Real-time characterization of material flows for optimal operation of combined heat and powerplants, wastewater treatment plants and waste management facilities and sustainable use of resources within circular economy.
VEMM Group, Mälarenergi AB, Eskilstuna Energi och Miljö AB, VafabMiljö AB
Mälarenergi AB, Eskilstuna Energi och Miljö AB, VafabMiljö AB
Project manager at MDH
Associate Senior Lecturer
Today's world is characterized by ever-growing energy and material demands resulting in production of large amounts of wastes in various forms. A sustainable waste management approach is required to address this environmental threat. According to the European waste management hierarchy waste re-use, recycle and energy recovery is strongly preferred over waste disposal. Components of the waste such as plastics can be sorted out and reused or recycled to increase their useful lifetime. To assist waste recycling and energy recovery, technologies that classify waste components for automated on-line sorting are required. Moreover, biomass originating from forest residues as well as from other sources is material with highly variable properties that makes its utilization in energy conversion processes complex as it creates undesired process instabilities. Therefore, there is a need for sensors that can measure the properties of interest or classify materials in real-time to optimize process operational and regulatory measures.

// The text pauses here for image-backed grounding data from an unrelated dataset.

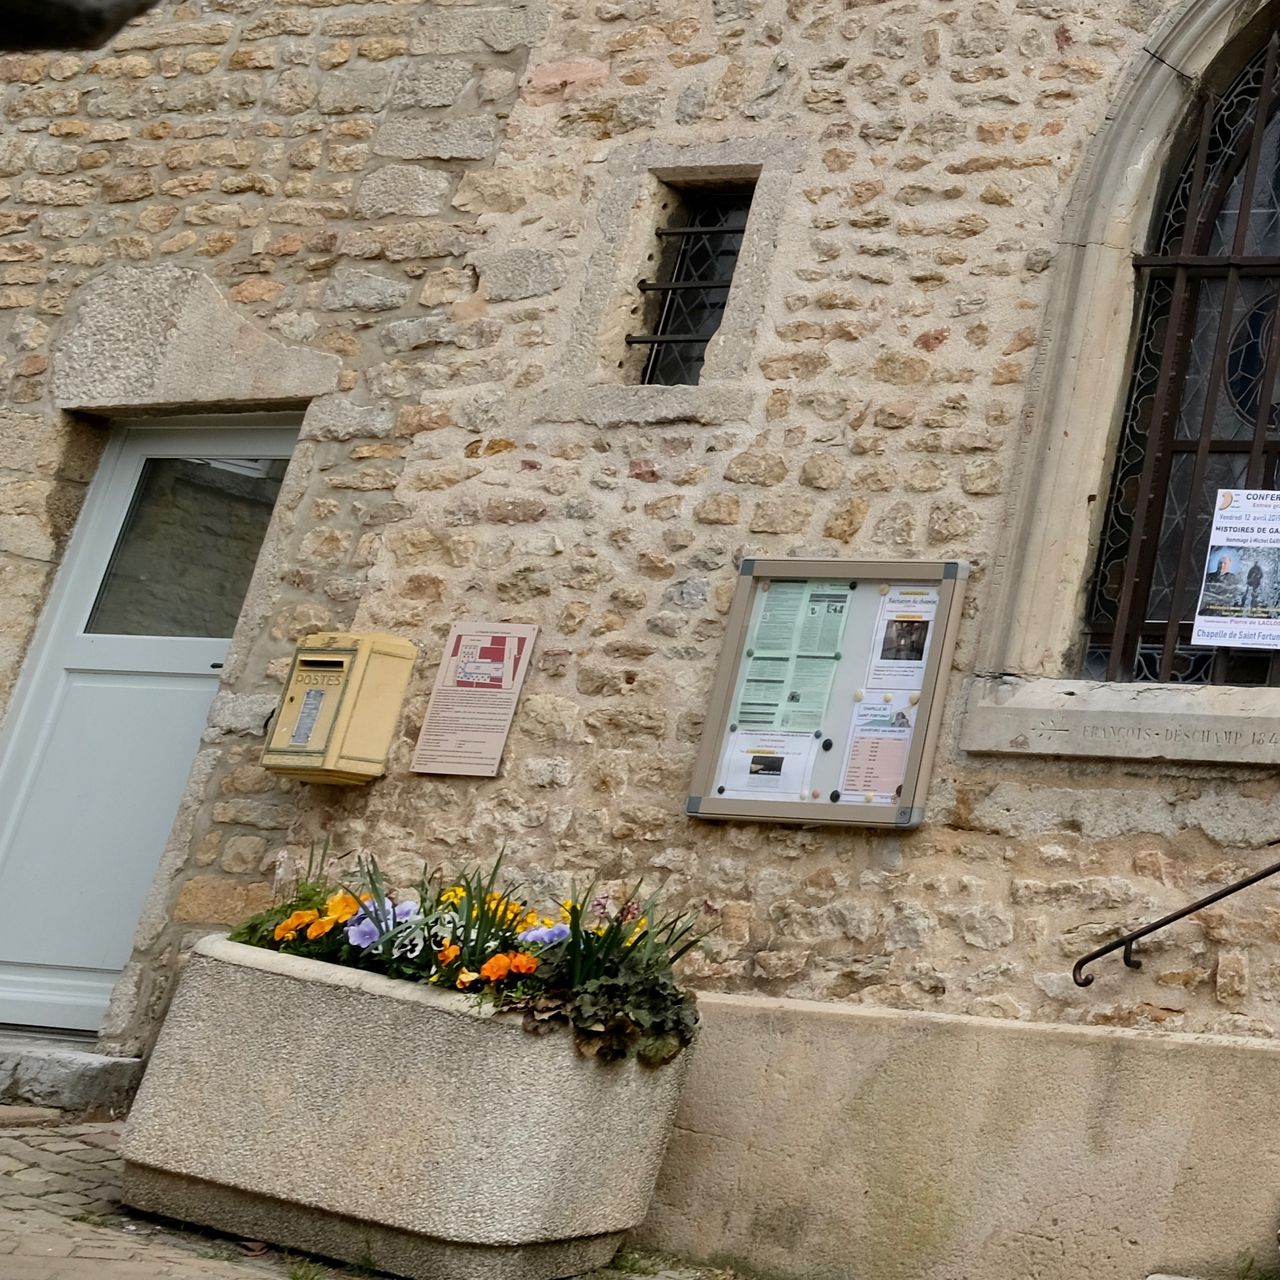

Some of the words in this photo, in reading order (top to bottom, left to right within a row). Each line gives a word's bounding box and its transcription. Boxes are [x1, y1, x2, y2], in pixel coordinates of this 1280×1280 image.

[1268, 514, 1280, 522] 2019
[1197, 629, 1227, 639] Chapelle
[1228, 631, 1237, 639] de
[1238, 631, 1256, 640] Saint
[295, 674, 342, 686] POSTES

Furthermore, Contaminants of Emerging Concerns (CECs), such as pharmaceutical in the wastewater is of critical importance because of their potentially harmful impacts on environmental resources and exposure to humans and biota. While many of the CECs have been present in the environment for decades, the rising concern is being driven by the importance of analytical techniques that are able to detect them rapidly and at low concentrations. Today, there is a need to establish a protocol for detection of these CECs in the wastewater as well as the sludge. Analysis of CEC in wastewater may be challenging, dealing with various particle sizes, structures, shapes and polymer types dispersed in complex environmental matrices. However, due to the increased presence of CECs in the environment, it is of great importance to start evaluating new analytical techniques.
The RENAISSANCE project aims to enable real-time characterization of municipal solid waste components as well as biomass, sludge and measurements of wastewater properties of interest using machine learning and artificial intelligence (AI) algorithms. The important properties will be identified within the project and may include e.g. elemental composition, classification of waste components to enable waste sorting, various CEC concentration in wastewater and sludge, other QA/QC indicators etc.

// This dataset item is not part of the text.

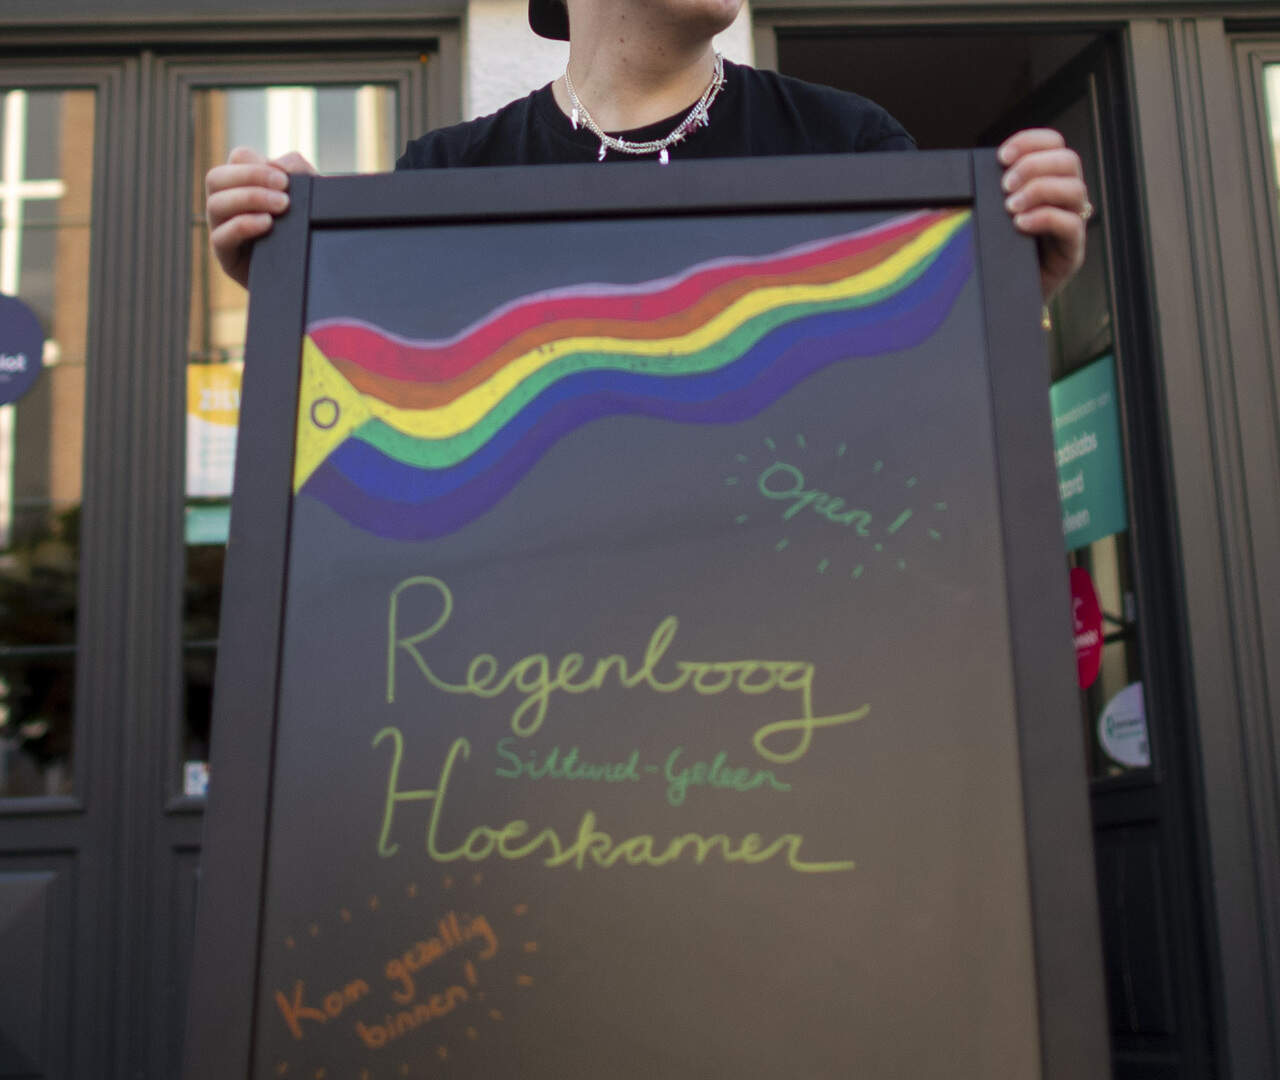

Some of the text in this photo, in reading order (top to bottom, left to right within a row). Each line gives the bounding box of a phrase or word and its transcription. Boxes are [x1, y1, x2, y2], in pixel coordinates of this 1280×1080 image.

[758, 461, 913, 552] Open!
[386, 576, 871, 764] Regenboog
[372, 726, 856, 873] Hoeskamer

Demonstrate the potential of implementing optical spectroscopy sensors coupled with artificial intelligence (AI) based data analytics for real-time qualitative and quantitative characterization of properties of interest in important material flows for optimal operation of combined heat and powerplants (CHPs), wastewater treatment plants (WWTP) and waste management facilities and optimal use of resources within circular economy.
1. Identify appropriate material flows (e.g. samples of waste, biomass, sludge and wastewater etc.) in CHPs and WWTPs and important qualitative and quantitative properties of interest (e.g. elemental composition, energy content, prediction of thermochemical behavior, various important CEC concentrations, other QA/QC indicators, classification/discrimination of components etc.) based on coproduction with industrial partners and literature review.
2. Identify (a) the most appropriate reference chemical analysis method and (b) spectroscopy technique for qualitative and quantitative characterization to enable real-time measurements. Perform sampling, sample preparation and acquisition of spectroscopy data as well as reference data → Sampling and data acquisition protocol.
3. Identify and employ appropriate spectral preprocessing techniques and develop multivariate regression and classification models using machine learning and artificial intelligence algorithms that enable real-time measurements and evaluate model performance for defined material/water properties of interest → Multivariate modeling protocol.
4. Evaluate potentials and limitations of the developed methodology to enable real-time characterization of important properties of interest in material flows and to propose its implementation strategy for optimal operation of CHPs and WWTPs production systems and waste management facilities and optimal use of resources within circular economy.